Mutation in the PAX6 gene in twenty patients with aniridia

This is a report on the nature of the mutations in the PAX6 gene in twenty patients with aniridia. Five of the twenty patients had sporadic aniridia with deletions in chromosome 11p13. Three of the five had WAGR syndrome (Wilms tumor, aniridia, genitourinary anomalies, mental retardation), and the other two had deletions whose breakpoints occurred between the PAX6 and the WT1 genes. Allelic losses at PAX6 were of paternal origin. The remaining fifteen patients with aniridia had intragenic mutations in the PAX6 gene, with mutations found from exon 5 to exon 12. Twelve cases of dysfunctional PAX6 were due to premature termination of the protein by nonsense mutations (five cases), splicing defect (one case), deletion (two cases), deletion-insertions (two cases), and tandem repeat insertions (two cases).
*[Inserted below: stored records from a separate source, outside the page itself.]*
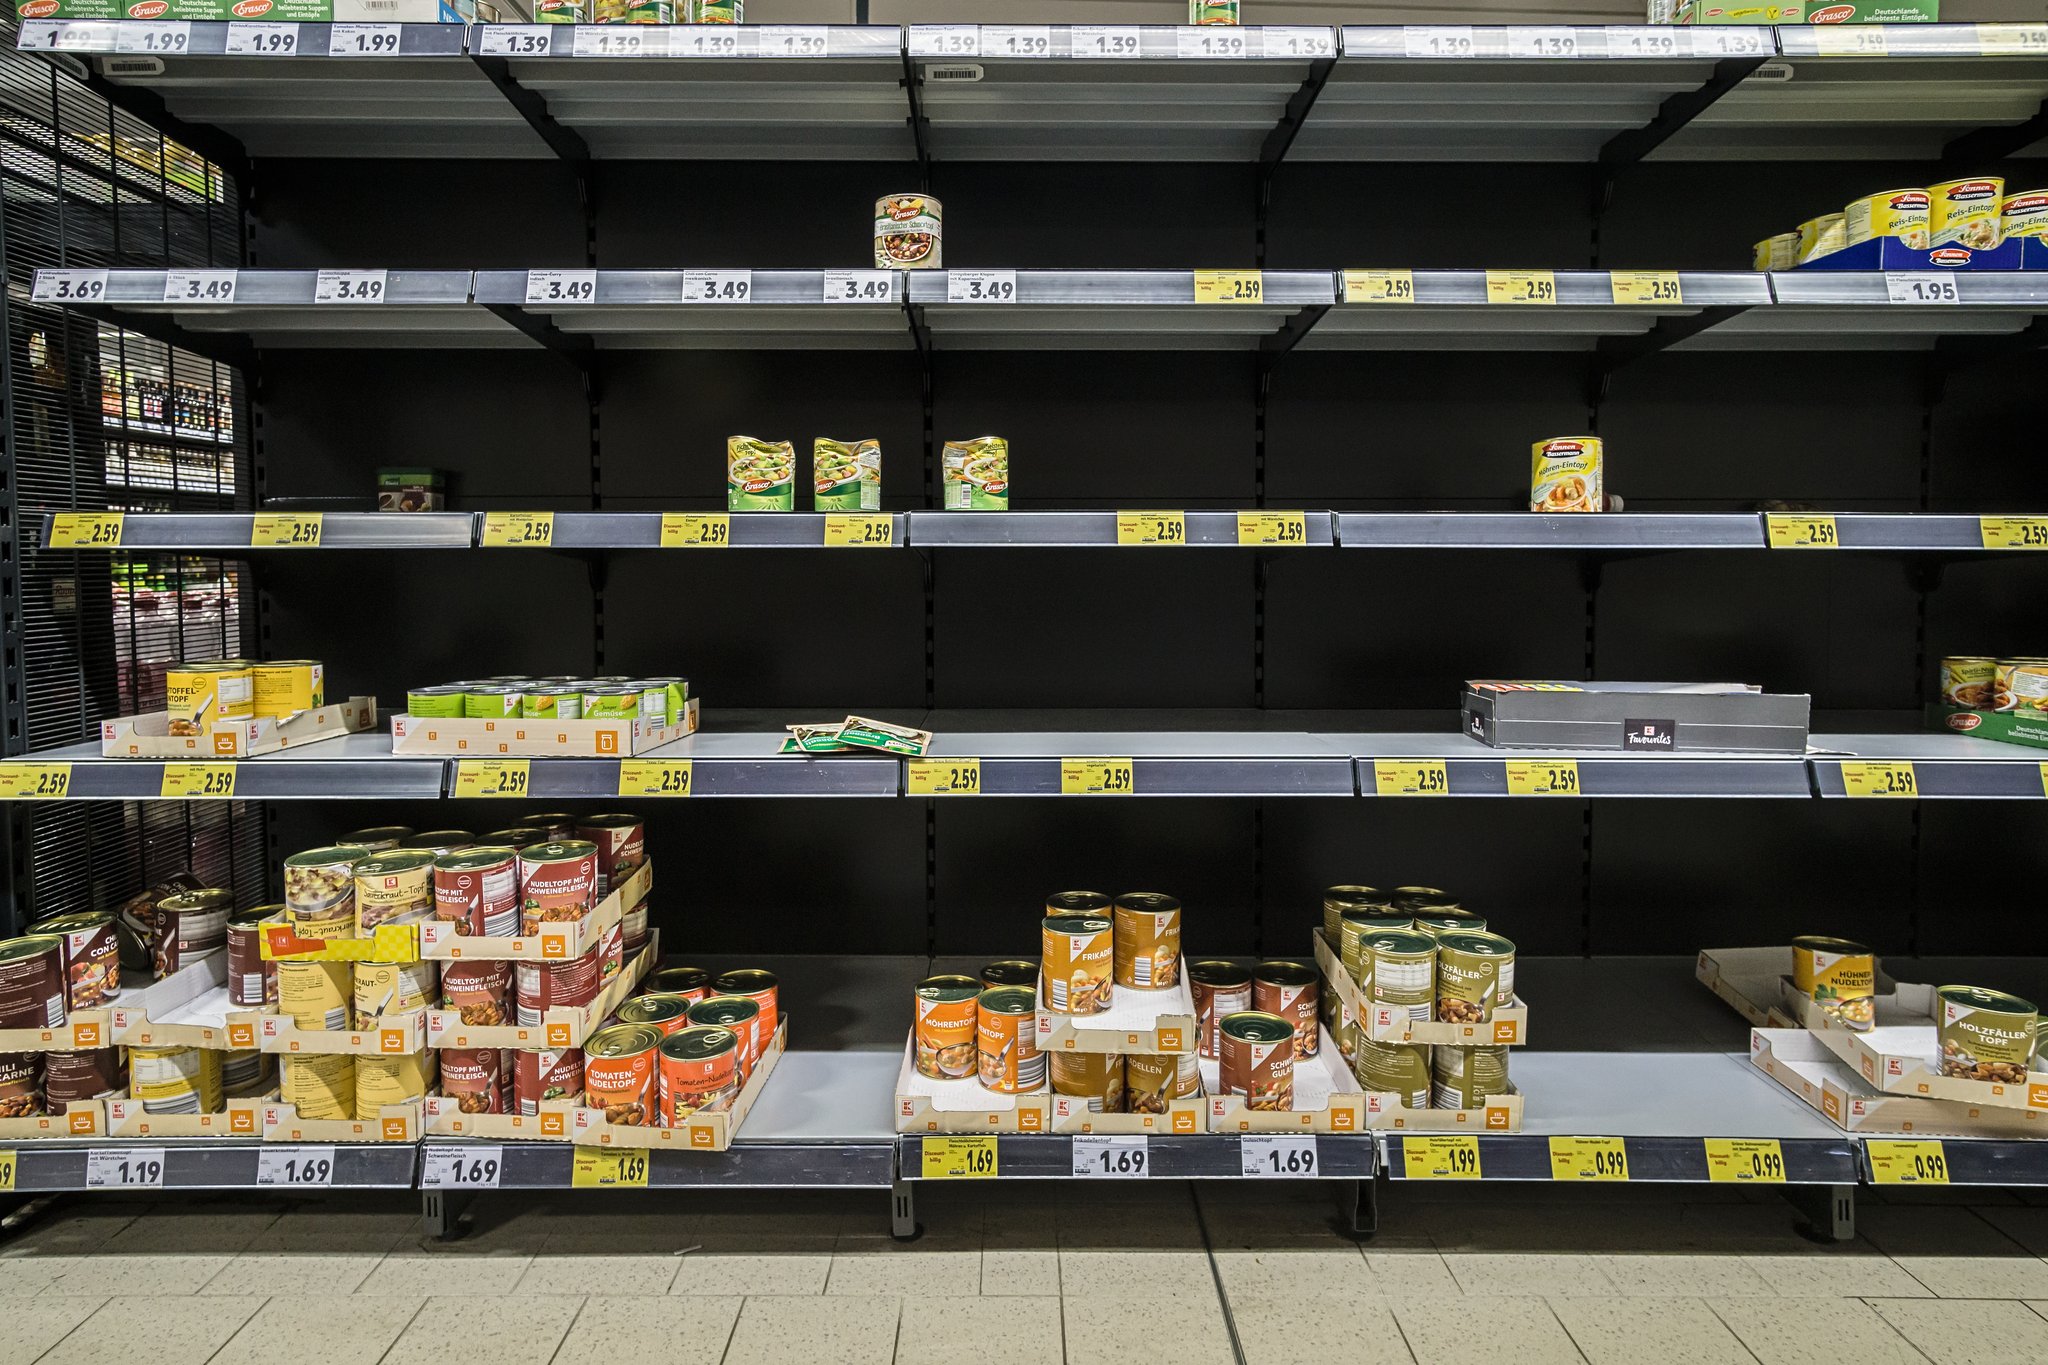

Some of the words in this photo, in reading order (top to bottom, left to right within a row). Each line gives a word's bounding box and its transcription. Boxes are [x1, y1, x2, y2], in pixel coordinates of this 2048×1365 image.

[24, 1, 57, 16] Erasco
[132, 1, 167, 17] Erasco
[236, 1, 270, 15] Erasco
[1816, 10, 1849, 22] Erasco
[144, 33, 186, 49] 1.99
[252, 34, 295, 51] 1.99
[355, 34, 397, 51] 1.99
[507, 37, 548, 52] 1.39
[599, 37, 640, 52] 1.39
[694, 38, 735, 53] 1.39
[784, 37, 825, 53] 1.39
[934, 36, 975, 52] 1.39
[1006, 37, 1047, 53] 1.39
[1096, 37, 1137, 52] 1.39
[1201, 38, 1242, 53] 1.39
[1430, 38, 1471, 54] 1.39
[1533, 38, 1574, 54] 1.39
[1632, 38, 1673, 53] 1.39
[1717, 36, 1759, 52] 1.39
[895, 209, 918, 219] Erasco
[1947, 204, 1995, 220] Reis-Eintopf
[1889, 214, 1929, 229] Reis-Eintopf
[57, 281, 103, 298] 3.69
[187, 281, 233, 298] 3.49
[338, 281, 382, 298] 3.49
[549, 282, 593, 298] 3.49
[705, 282, 748, 298] 3.49
[846, 282, 889, 298] 3.49
[970, 282, 1013, 299] 3.49
[1235, 281, 1259, 298] 2.59
[1386, 280, 1411, 296] 2.59
[1527, 282, 1552, 298] 2.59
[1652, 282, 1678, 298] 2.59
[1913, 282, 1955, 300] 1.95
[1539, 461, 1588, 476] Möhren-Eintopf
[745, 481, 771, 491] Erasco
[92, 524, 119, 542] 2.59
[293, 524, 318, 542] 2.59
[524, 523, 550, 541] 2.59
[701, 524, 726, 542] 2.59
[865, 524, 890, 541] 2.59
[1157, 522, 1182, 541] 2.59
[1277, 522, 1303, 541] 2.59
[1809, 524, 1834, 543] 2.59
[2022, 526, 2048, 544] 2.59
[1950, 716, 1978, 726] Erasco
[1628, 732, 1671, 745] Favourites
[37, 774, 66, 793] 2.59
[204, 773, 231, 793] 2.59
[498, 771, 526, 791] 2.59
[662, 771, 688, 790] 2.59
[951, 769, 977, 788] 2.59
[1104, 769, 1130, 788] 2.59
[1417, 770, 1444, 790] 2.59
[1549, 770, 1575, 789] 2.59
[1885, 771, 1913, 792] 2.59
[527, 882, 589, 895] SCHWEINEFLEISCH
[530, 879, 568, 888] NUDELTOPF
[570, 876, 585, 885] MIT
[364, 883, 425, 900] Sauerkraut-Topf
[90, 946, 108, 957] CON
[443, 979, 505, 991] SCHWEINEFLEISCH
[445, 976, 485, 985] NUDELTOPF
[486, 973, 500, 982] MIT
[1443, 972, 1463, 983] TOPF
[1959, 1021, 2028, 1039] HOLZFÄLLER-
[1979, 1034, 2008, 1046] TOPF
[590, 1069, 635, 1080] TOMATEN-
[588, 1078, 637, 1088] NUDELTOPF
[967, 1150, 993, 1172] 1.69
[1100, 1151, 1145, 1173] 1.69
[1269, 1150, 1314, 1172] 1.69
[1449, 1149, 1475, 1172] 1.99
[1596, 1151, 1623, 1175] 0.99
[1752, 1153, 1781, 1177] 0.99
[1915, 1155, 1943, 1178] 0.99
[118, 1161, 160, 1183] 1.19
[285, 1160, 330, 1182] 1.69
[452, 1160, 498, 1182] 1.69
[618, 1158, 645, 1181] 1.69
One patient (P2) had a PAX6 protein with de novo in-frame deletion of alanine, arginine, and proline at codon positions 37, 38, and 39. These codons are in the paired box region, and codon 38 is in contact with the phosphate group of the sugar-phosphate backbone of the target DNA. Another patient (P8) had a single nucleotide transition at c.1182 (nucleotide number, Genbank accession #M93650, used as in Glaser et al. [1992]), which generated both a missense mutation (Q255H) and a splicing defect. A missense mutation was found at G387E in a third patient (P10). All observed mutations support the notion that haploinsufficiency in PAX6 results in aniridia and associated eye anomalies.